Wound infection following snakebite usually accounts for 9 to 77% of the bitten patients, as described in several studies [2, 4-8]. The large differences in the reported prevalence of secondary infections in snakebites can be related to variations in the criteria used to establish the presence of infection. Indeed, there is no precise set of clinical criteria to define infection in snakebite envenomings. In addition, a high proportion of microbiological cultures are negative because of systematic preemptive use of antibiotics in snake bitten patients. The main involved bacteria are Enterococcus faecalis, Aeromonas hydrophila and Morganella morganii [2, 4-9].

The snake mouth is colonized by bacteria that can be transmitted to the bitten patient through the skin injury associated with the bite [3, 10-12]. Inoculation of bacteria from the mouth, fangs, or venom following snakebite can cause local infection with abscess and necrotizing fasciitis in most severe cases [13]. In one recent study, isolated Enterobacteriaceae following snake bite infection showed 69% resistance to ampicillin, 60% resistance to amoxicillin/clavulanate, and 66% resistance to second-generation cephalosporins [13]. Conformingly, our experimental study examining the bacteria sampled from the oral cavity of 26 B. lanceolatus specimens collected from various areas in Martinique supported that 67% of the isolated bacteria were resistant to amoxicillin/clavulanate.

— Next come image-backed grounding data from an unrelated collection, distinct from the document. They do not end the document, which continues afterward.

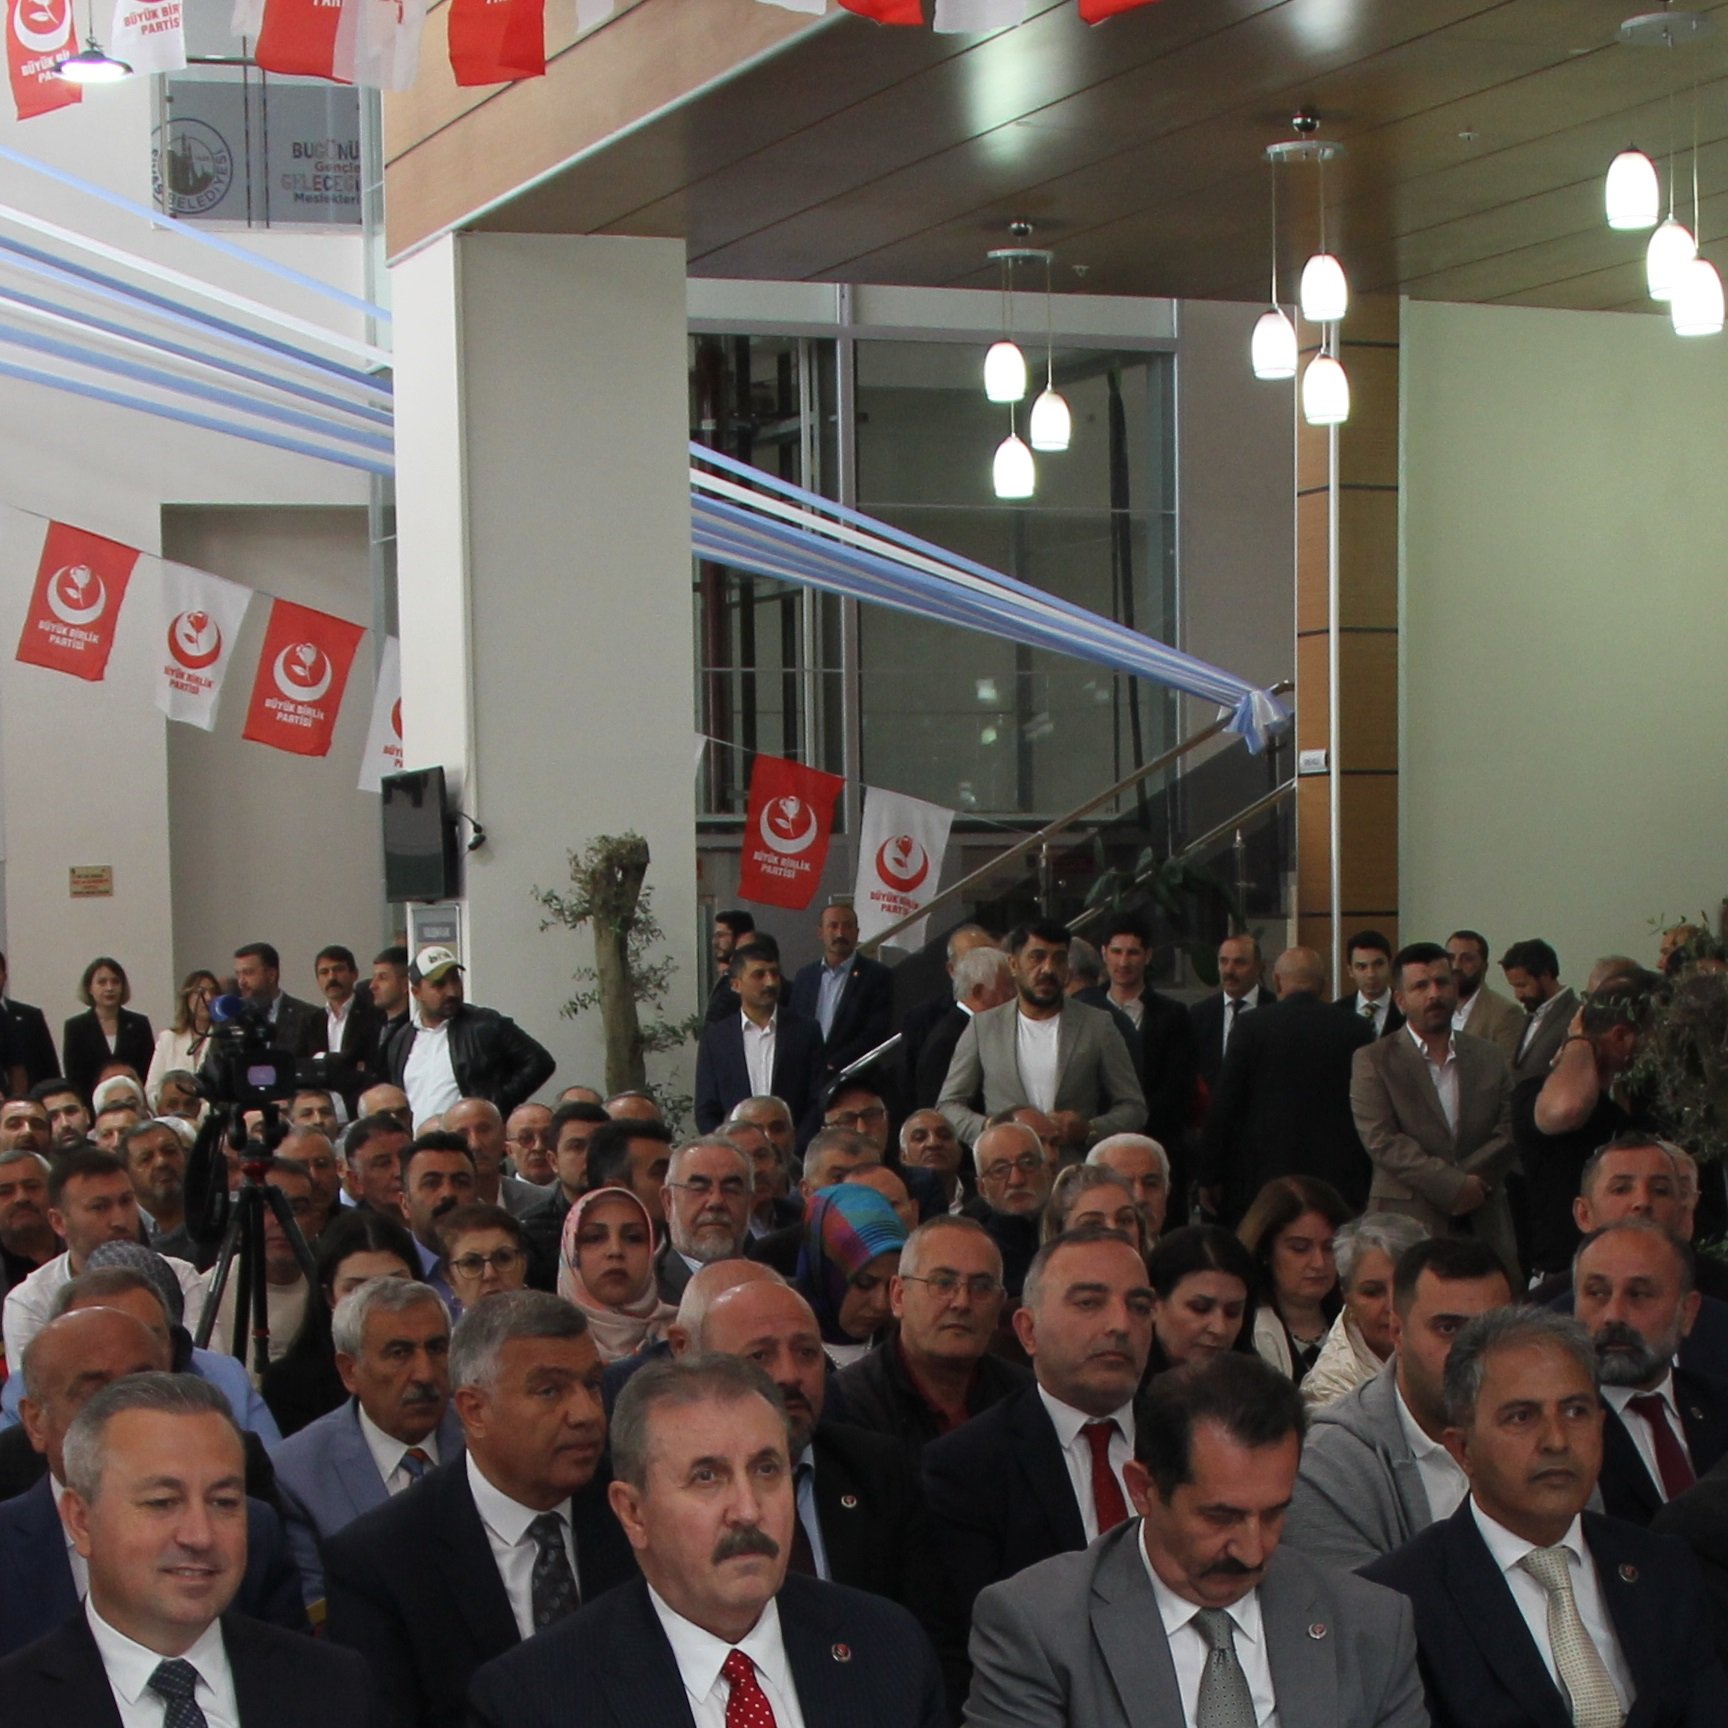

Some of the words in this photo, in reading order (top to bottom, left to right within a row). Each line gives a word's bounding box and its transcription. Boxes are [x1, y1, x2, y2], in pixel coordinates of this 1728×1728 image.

[124, 9, 160, 28] BÜYÜK
[160, 3, 181, 20] BİR
[141, 18, 181, 35] PARTİS
[21, 55, 55, 77] BÜYÜK
[38, 619, 67, 635] BÜYÜK
[69, 627, 100, 644] BİRLİK
[49, 635, 85, 650] PARTİSİ
[264, 697, 296, 713] BÜYÜK
[297, 703, 325, 720] BİRLİK
[276, 712, 313, 728] PARTİSİ
[383, 745, 403, 758] BÜY
[753, 851, 780, 864] BÜYÜK
[781, 857, 812, 872] BİRLİK
[761, 865, 797, 880] PARTİSİ
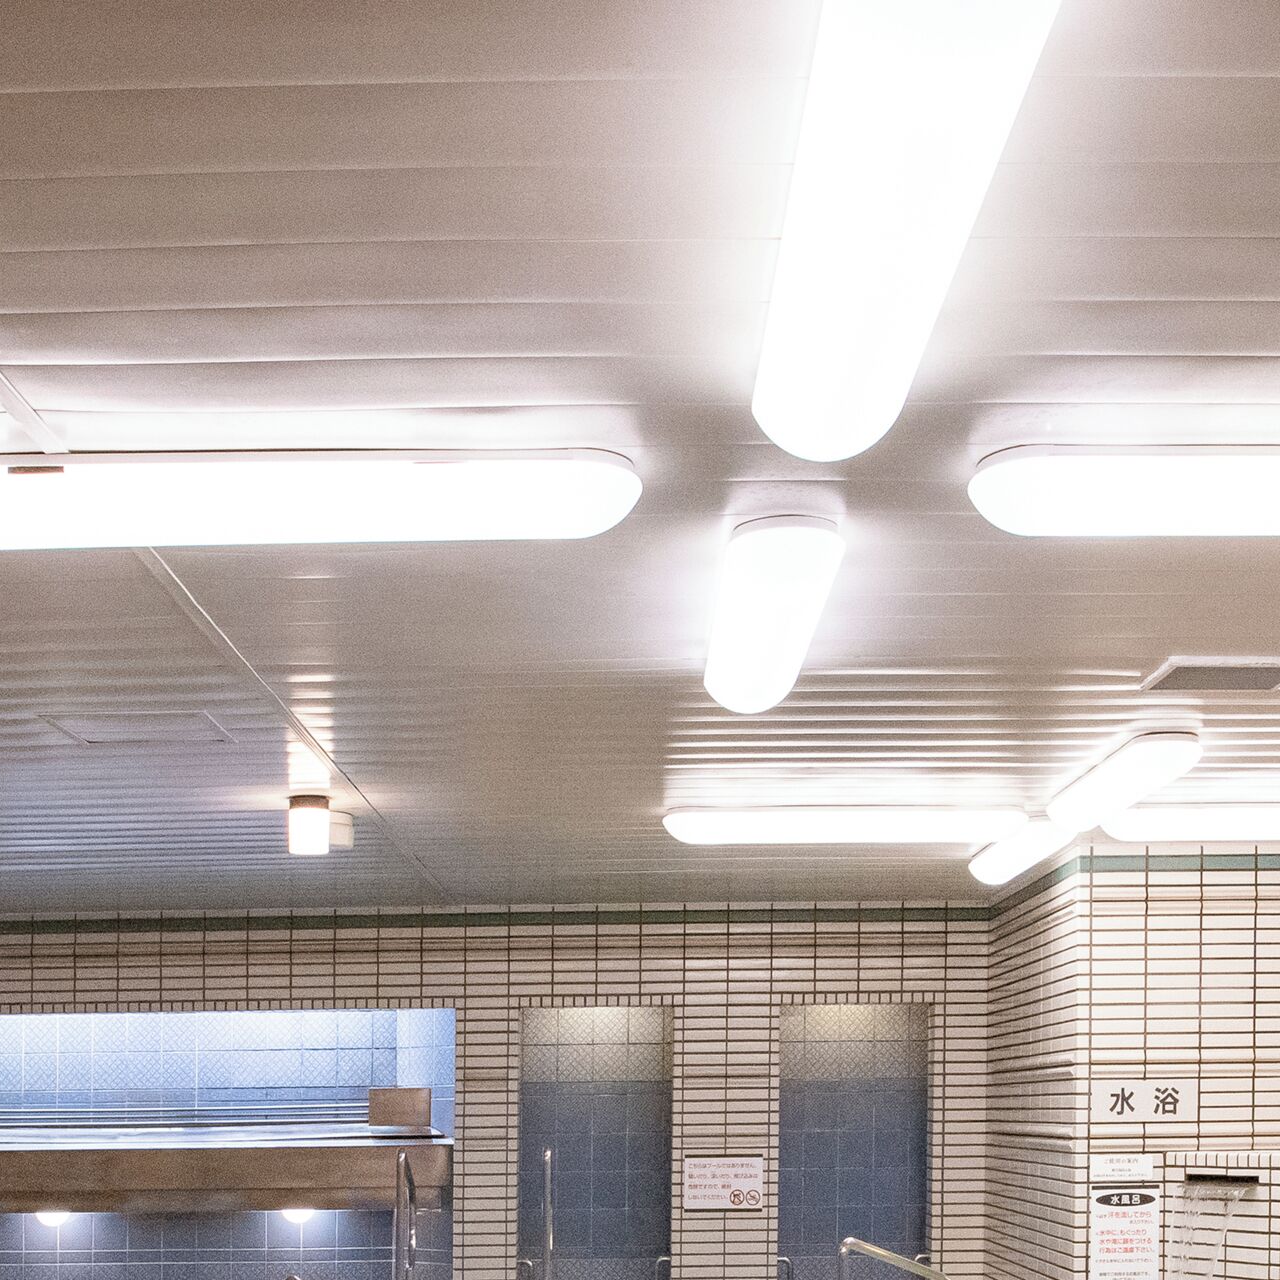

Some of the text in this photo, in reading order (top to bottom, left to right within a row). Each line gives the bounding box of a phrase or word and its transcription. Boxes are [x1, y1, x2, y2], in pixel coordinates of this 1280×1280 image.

[1109, 1087, 1180, 1116] 水浴
[1110, 1194, 1140, 1205] 水風呂

In addition, the majority of isolated bacteria were susceptible to third-generation cephalosporins (i.e., 73% to cefotaxime and 80% to ceftazidime) [3]. Based on the most frequently isolated bacteria and susceptibility profiles documented in cases of infection after snakebite, active antibiotics include third generation cephalosporins, piperacillin-tazobactam and ciprofloxacin.

In conclusion, preemptive antibiotic administration in snake-bitten patients should be considered only in those with severe local signs of envenomation, and empiric one in those having local or general signs of infection, regardless of the degree of envenoming. The most appropriate empirical antibiotics are third generation cephalosporins. Empirical amoxicillin-clavulanate should no longer be used in this context.

Footnotes

Availability of data and materials: Not applicable.

Funding: Not applicable.

Ethics approval: Not applicable.

Consent for publication: Not applicable.